- What the task asks: All entries are to be transcribed exactly. Pictures are not part of the copy.

- Data:
▼▼▼
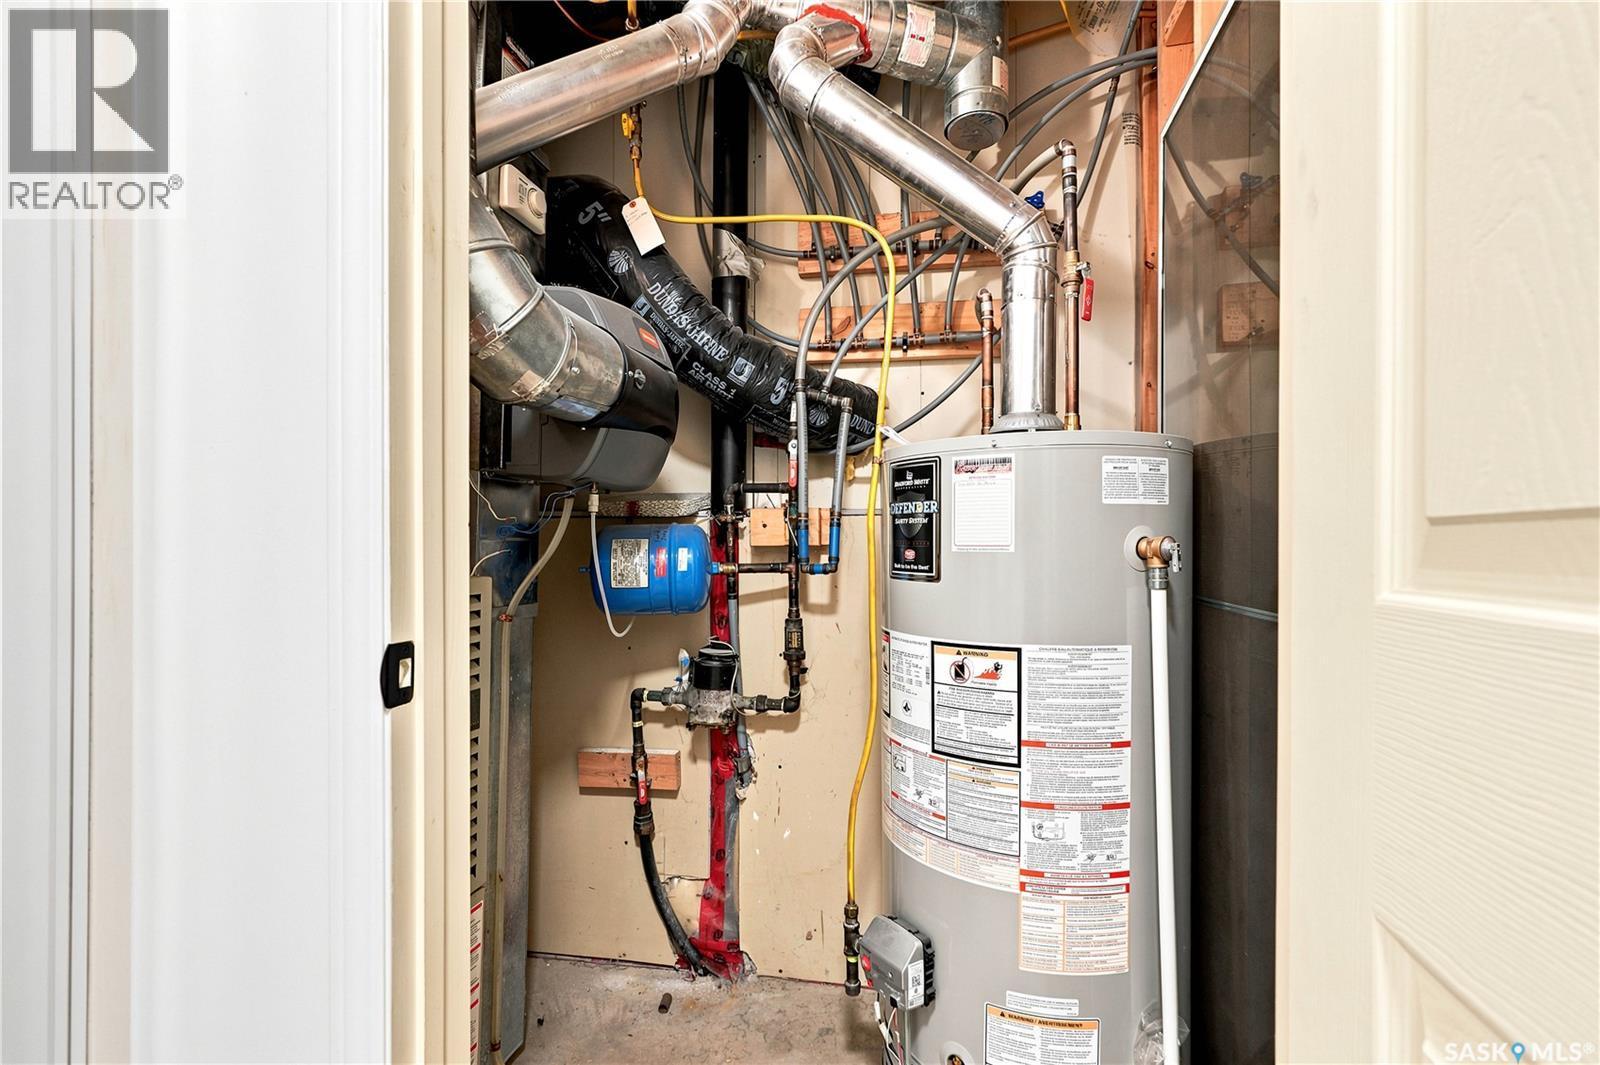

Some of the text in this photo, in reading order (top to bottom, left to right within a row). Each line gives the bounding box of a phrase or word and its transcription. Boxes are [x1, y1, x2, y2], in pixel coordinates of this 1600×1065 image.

[578, 201, 612, 225] 5"
[688, 369, 705, 384] AIR
[692, 361, 727, 390] CLASS
[890, 501, 939, 515] DEFENDER
[963, 650, 989, 658] WARNING
[1008, 1013, 1034, 1023] WARNING
▲▲▲
- Exercise result:
Some of the text in this photo, in reading order (top to bottom, left to right within a row). Each line gives the bounding box of a phrase or word and its transcription. Boxes are [x1, y1, x2, y2], in pixel coordinates of this 1600×1065 image.

[578, 201, 612, 225] 5"
[688, 369, 705, 384] AIR
[692, 361, 727, 390] CLASS
[890, 501, 939, 515] DEFENDER
[963, 650, 989, 658] WARNING
[1008, 1013, 1034, 1023] WARNING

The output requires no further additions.